So rounds tend to be “range bound” where the top end of the valuation spectrum often being done in boom markets (i.e. 2007, 2011) and for the hottest of companies and in bad markets for fund raising (2003, 2008) prices test the bottom end of the range.

There is no such thing as a uniform price. It is highly dependent upon many factors: experience of the team, type of opportunity (a big biotech or semi-conductor A round is likely to look different from an Internet A round), geography, etc. So the ranges you would expect can be highly imprecise. But to help with the explanation I’d like to put down some markers of typical Internet pre-money valuations done in major US markets (San Fran, NY, LA, etc.) while acknowledging that San Fran deals are often higher valuations due to increased competition amongst investors.

There is no value judgment in my putting up these numbers nor am I negotiating with anybody. I’m just pointing out my gut feel for approximate ranges of deals that I’ve seen with Silicon Valley having the highest valuations, NY / LA / Boston / Boulder / Seattle having valuations in a slightly lower range but comparable and sometimes significantly lower prices in markets that don’t have a healthy venture market. These are not scientific, just anecdotal and just trying to provide some transparency for entrepreneurs on what I’ve seen the market. And of course there are always outliers.

Prices have definitely gone up in 2011 as depicted in the anecdotal chart below.

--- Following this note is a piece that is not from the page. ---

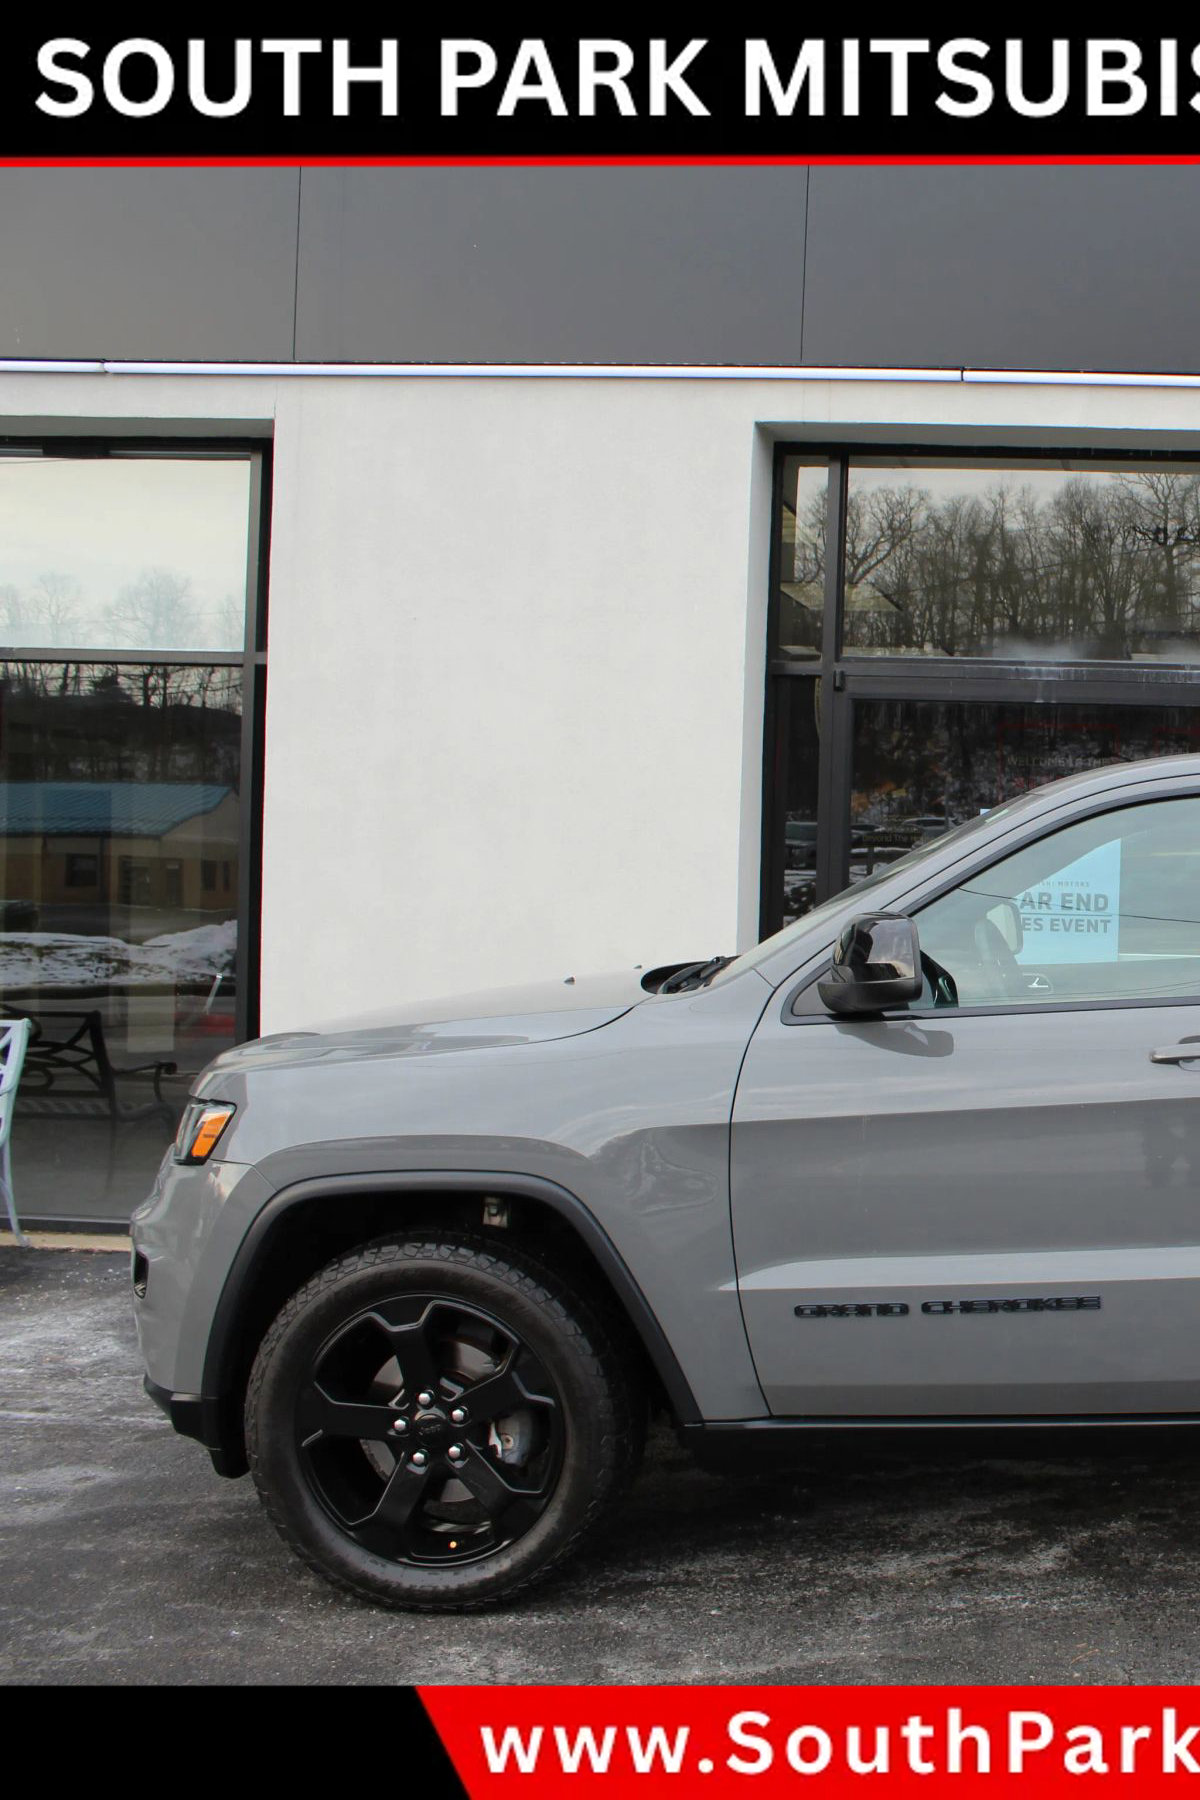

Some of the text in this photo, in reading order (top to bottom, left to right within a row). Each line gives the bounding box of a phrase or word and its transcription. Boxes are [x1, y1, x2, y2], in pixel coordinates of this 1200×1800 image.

[1060, 892, 1109, 912] END
[1049, 918, 1111, 933] EVENT
[794, 1296, 1101, 1318] GRAND CHEROKEE

Again, prices are expressed as pre-money valuations.

For me I think that investors have got to accept the new reality in pricing if they want to remain competitive in markets like we’re seeing now. As ever, prices still determined by: quality of team, quality of product / market and competitiveness of the deal.

So when I advise entrepreneurs on fund raising I often say that it’s OK to try and shoot for the “top end of normal” for the market conditions. So in 2011 as a startup company if you can generate lots of demand you can definitely raise an A round of capital (say $3 million) at a $7 or 8 million pre-money valuation or slightly higher whereas just two years ago you would have struggled. That’s fine. That’s the deal you get when you’re raising in a good market for startup financing.

What I caution entrepreneurs from doing is raising money at significantly ABOVE market valuations. I’m a VC so I have an obvious bias. But that’s not where this is coming from. I’ve been preaching the “don’t get ahead of your inherent valuation” message for nearly 10 years. I raised my A round at a $31.5 million post-money valuation with no revenue. It was early 2000. That was market. I saw this kind of pricing when I first entered the VC market in 2007. We had companies pitching us that had almost no revenue at all and they were raising $10-15 million in capital at a $40-50 million pre-money valuation. I should also point out that while they had built their products they had limited market traction.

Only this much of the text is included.